The storage hierarchy -- in simpler times DRAM, disk, and tape -- reflect the tradeoffs. Fast storage is expensive, and cheap storage is slow.
To accommodate varying workloads, enteprise storage arrays move data adaptively, transferring hot data to fast caches, and moving cool data off to disk, or in some cases, all the way to a cloud archive. But this is hard to do with cloud storage, as the different services require explicit deployment, and offer different consistency guarantees.
Cloud storage services also tend to offer only single metric elasticity. The AWS S3 service, for example, scales with capacity, but not with I/O demand. DynamoDB scales with I/O demand, but is prohibitively expensive in low-latency configurations.
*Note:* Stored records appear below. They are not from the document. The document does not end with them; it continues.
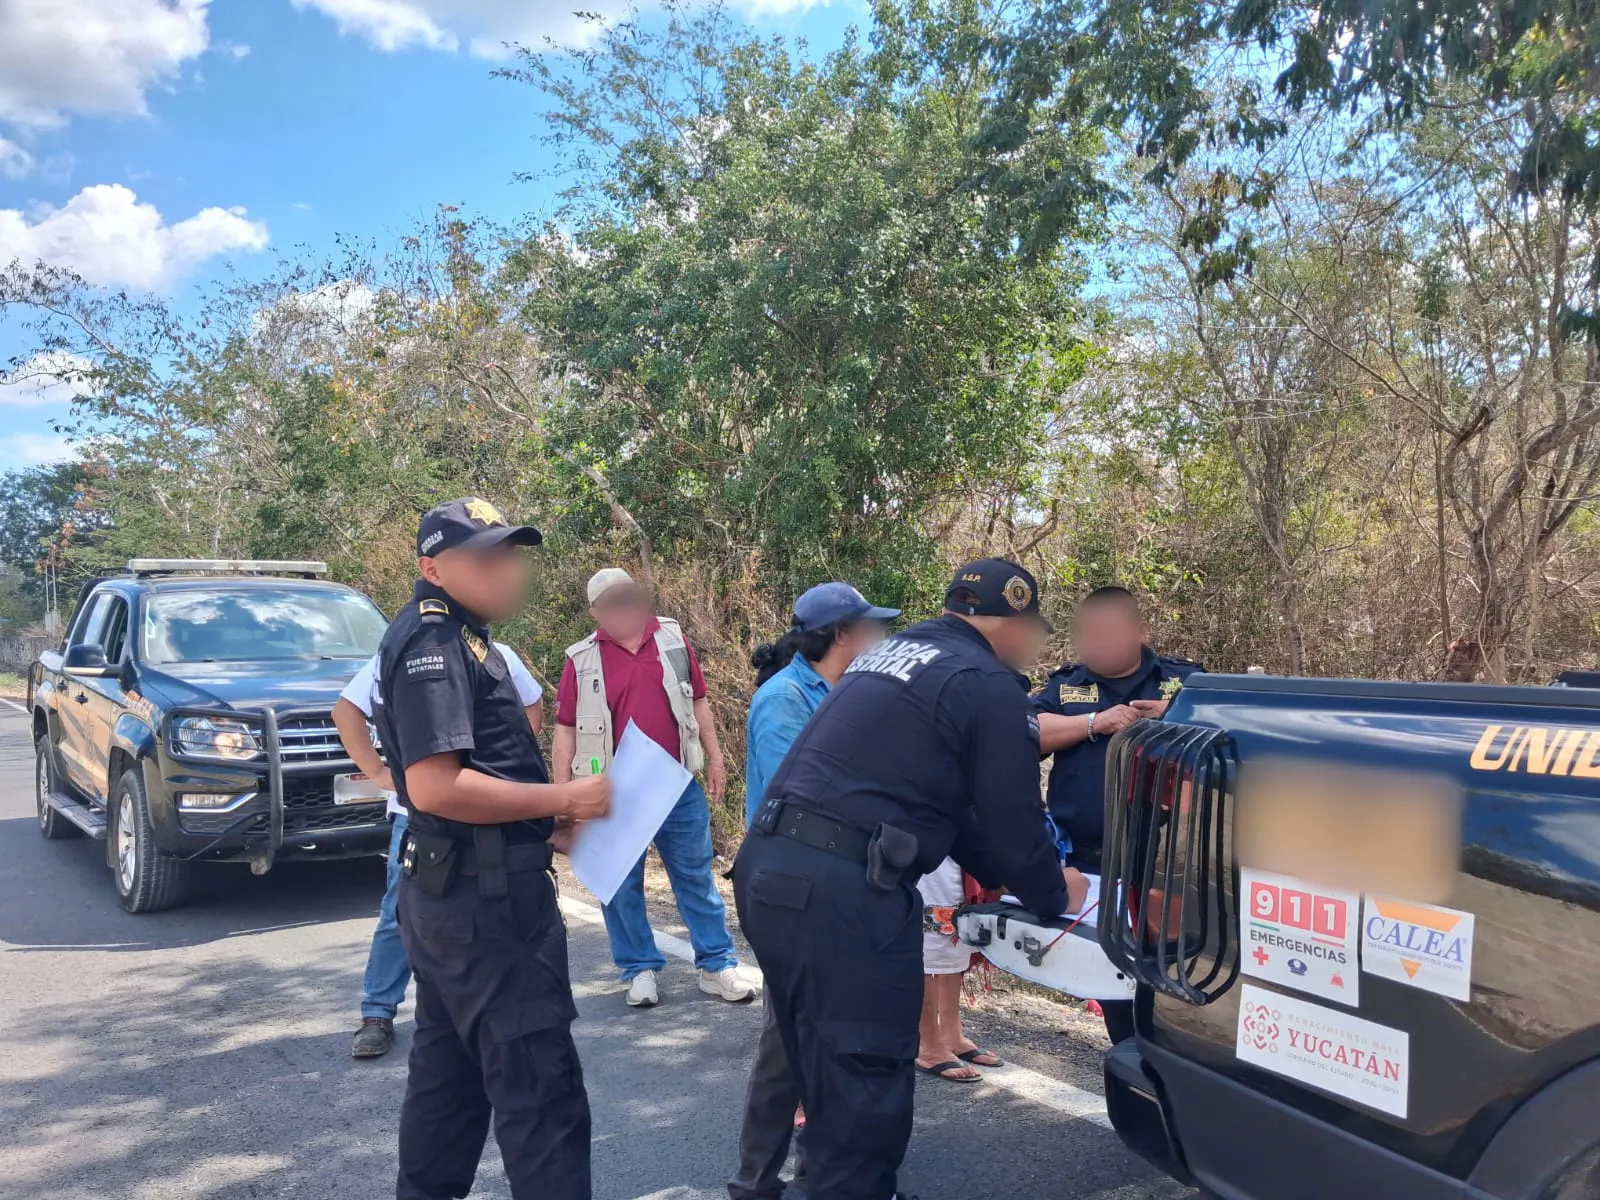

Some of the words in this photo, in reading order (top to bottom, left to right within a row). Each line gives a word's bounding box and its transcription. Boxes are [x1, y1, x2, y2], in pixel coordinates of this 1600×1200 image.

[406, 655, 444, 668] FUERZAS
[867, 639, 942, 665] OLICÍA
[1256, 889, 1335, 931] 911
[1250, 929, 1347, 964] EMERGENCIAS
[1366, 916, 1464, 963] CALEA
[1287, 1027, 1400, 1081] YUCATÁN
In a recent paper, researchers at Cal Berkeley, explore an advanced key-value storage system, Anna, designed to overcome current cloud storage limitations. Key-value stores are essentially two column spreadsheets, where the first column contains an access key and the second contains the data you wish to store.
Key-value stores are already in wide use in cloud services, but Anna implements three important optimizations.
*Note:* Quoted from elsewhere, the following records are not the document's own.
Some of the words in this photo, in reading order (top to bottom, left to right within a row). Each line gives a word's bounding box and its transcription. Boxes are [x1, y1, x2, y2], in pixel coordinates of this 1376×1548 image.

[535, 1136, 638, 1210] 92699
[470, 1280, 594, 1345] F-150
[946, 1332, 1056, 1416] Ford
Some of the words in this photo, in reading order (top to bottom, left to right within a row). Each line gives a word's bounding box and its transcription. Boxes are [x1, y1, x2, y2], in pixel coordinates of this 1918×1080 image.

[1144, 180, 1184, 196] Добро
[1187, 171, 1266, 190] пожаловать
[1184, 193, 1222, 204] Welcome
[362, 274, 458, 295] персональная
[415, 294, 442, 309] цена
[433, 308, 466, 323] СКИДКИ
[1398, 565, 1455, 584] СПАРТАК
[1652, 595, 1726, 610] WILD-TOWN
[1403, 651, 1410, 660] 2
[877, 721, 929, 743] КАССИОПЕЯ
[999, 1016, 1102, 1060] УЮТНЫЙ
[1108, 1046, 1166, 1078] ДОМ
These optimizations are intended to address the need for growth in aggregate throughput, the reality of hot keys, and the shifting of workload hotspots.
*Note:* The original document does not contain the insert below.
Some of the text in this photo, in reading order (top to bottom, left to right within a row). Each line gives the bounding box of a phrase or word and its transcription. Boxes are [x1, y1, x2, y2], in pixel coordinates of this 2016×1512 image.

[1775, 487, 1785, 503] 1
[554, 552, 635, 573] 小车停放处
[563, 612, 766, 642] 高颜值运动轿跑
There's a lot of detail in how Anna accomplishes these goals. But the bottom line is: how well does it work compared to, say, DynamoDB?
Here's one table, comparing the two:
Adapting to hotspots is another test:
That's quite respectable.
If I were Dell/EMC or NetApp, I'd be worried. Large scale public cloud storage is less than a decade old, and is rapidly maturing, as the lack of growth in enterprise storage attests.
Anna is important not only for performance gains, but for its focus on cost. Cloud storage headline rates seem reasonable, but when you add in all the overhead costs for directory lookups and data networking, enterprise storage is a lot more competitive.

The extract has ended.